> **EXERCISE DETAILS**
Repeat exactly, and only, the lines from the line containing "Some of the words" through the last line of the records below, including both.

> **Phrase grounding data**

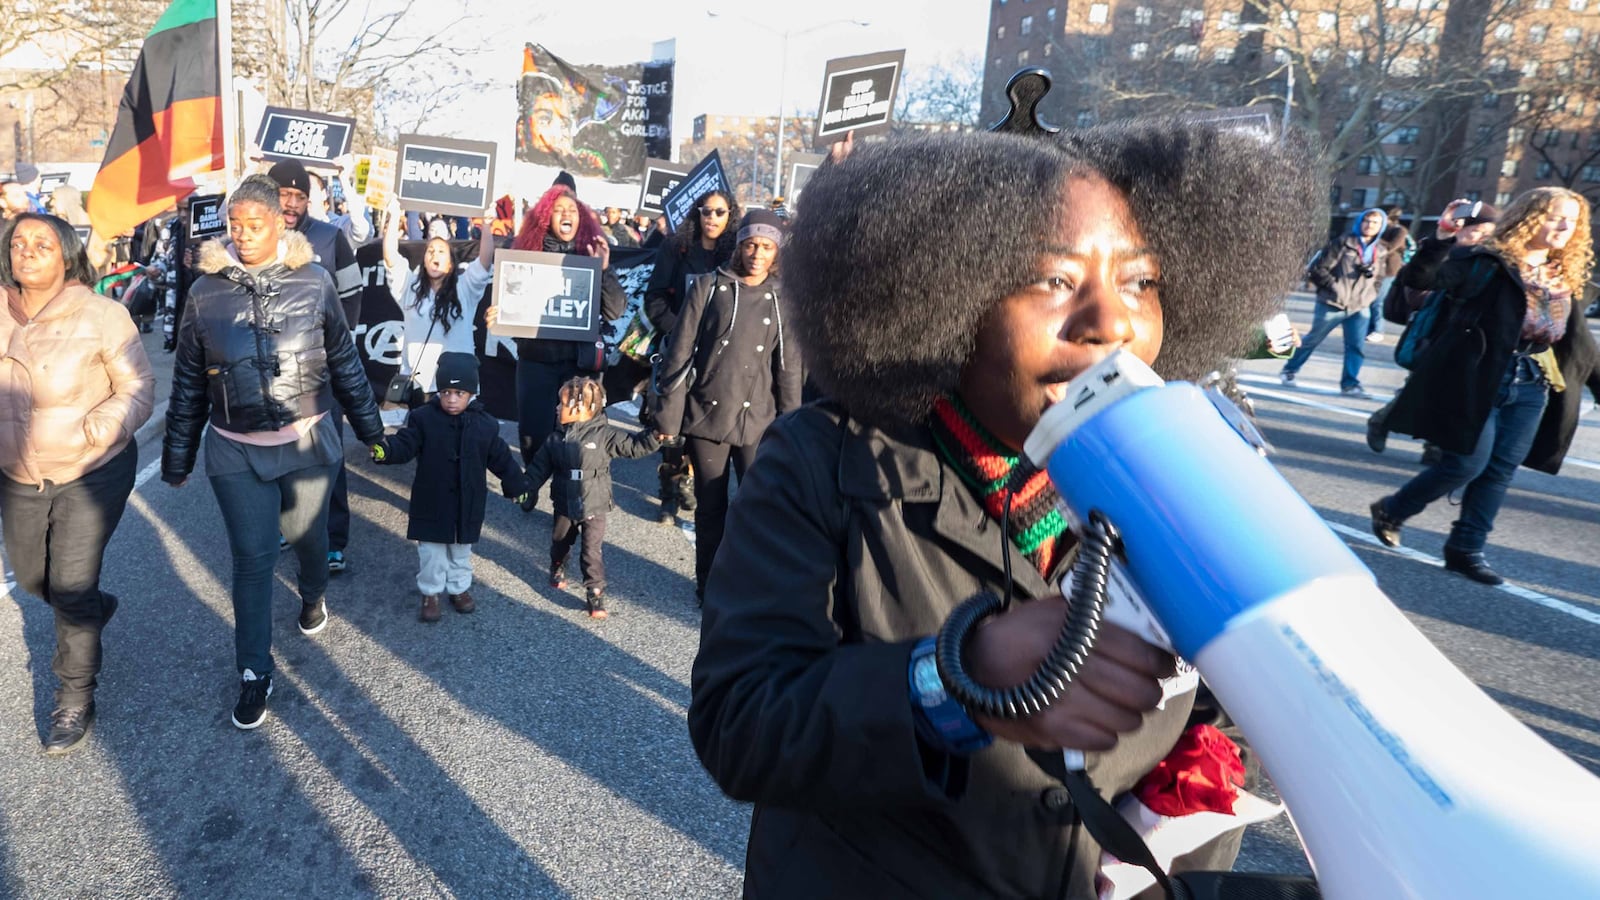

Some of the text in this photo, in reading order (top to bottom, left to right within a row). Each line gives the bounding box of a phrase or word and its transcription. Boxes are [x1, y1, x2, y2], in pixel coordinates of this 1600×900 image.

[626, 95, 648, 108] FOR
[621, 108, 650, 121] AKAI
[287, 119, 329, 136] NOT
[273, 139, 330, 158] MORE
[403, 159, 487, 189] ENOUGH
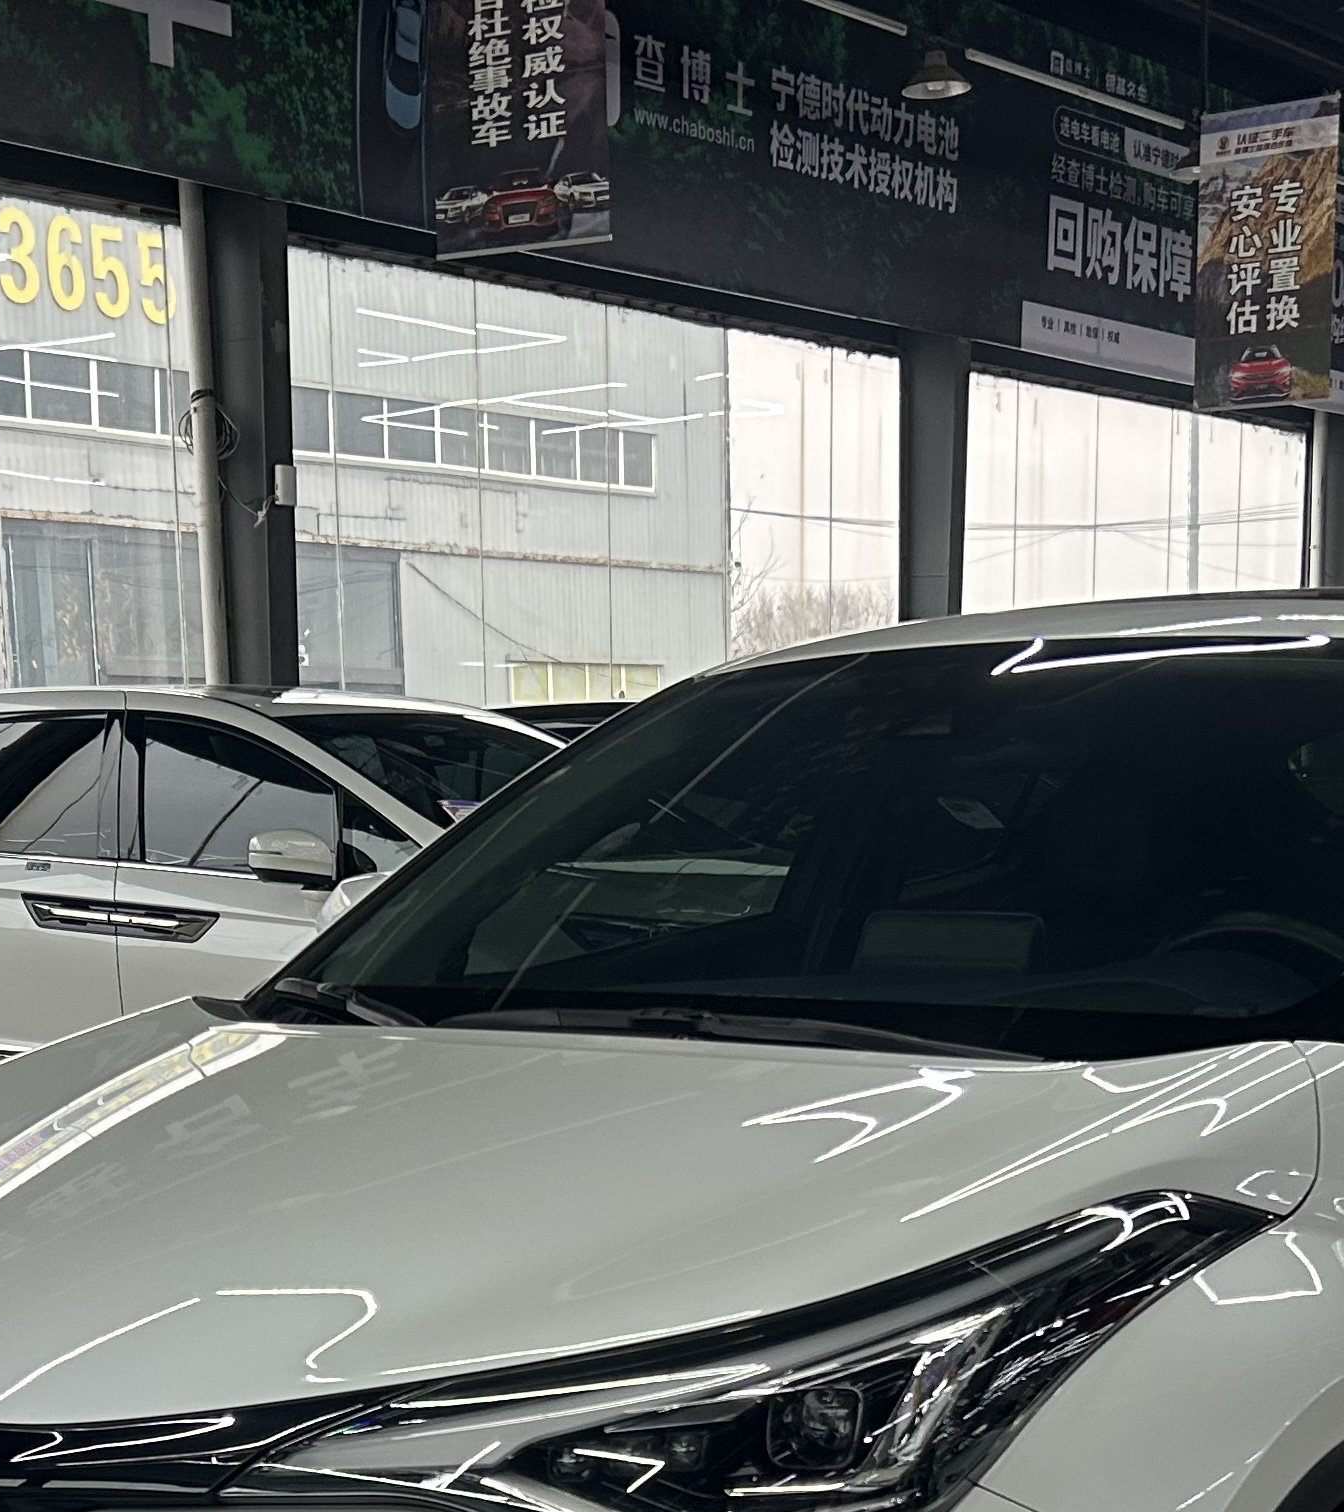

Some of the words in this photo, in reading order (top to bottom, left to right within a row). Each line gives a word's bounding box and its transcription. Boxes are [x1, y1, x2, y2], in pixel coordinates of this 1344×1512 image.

[633, 34, 756, 118] 查博士
[770, 64, 960, 162] 宁德时代动力电池
[633, 106, 756, 154] www.chaboshi.cn
[769, 119, 959, 214] 检测技术授权机构
[1047, 193, 1194, 303] 回购保障
[1226, 185, 1264, 337] 安心评估
[1267, 179, 1304, 333] 专业置换

> **WRITTEN SOLUTION**
Some of the words in this photo, in reading order (top to bottom, left to right within a row). Each line gives a word's bounding box and its transcription. Boxes are [x1, y1, x2, y2], in pixel coordinates of this 1344×1512 image.

[633, 34, 756, 118] 查博士
[770, 64, 960, 162] 宁德时代动力电池
[633, 106, 756, 154] www.chaboshi.cn
[769, 119, 959, 214] 检测技术授权机构
[1047, 193, 1194, 303] 回购保障
[1226, 185, 1264, 337] 安心评估
[1267, 179, 1304, 333] 专业置换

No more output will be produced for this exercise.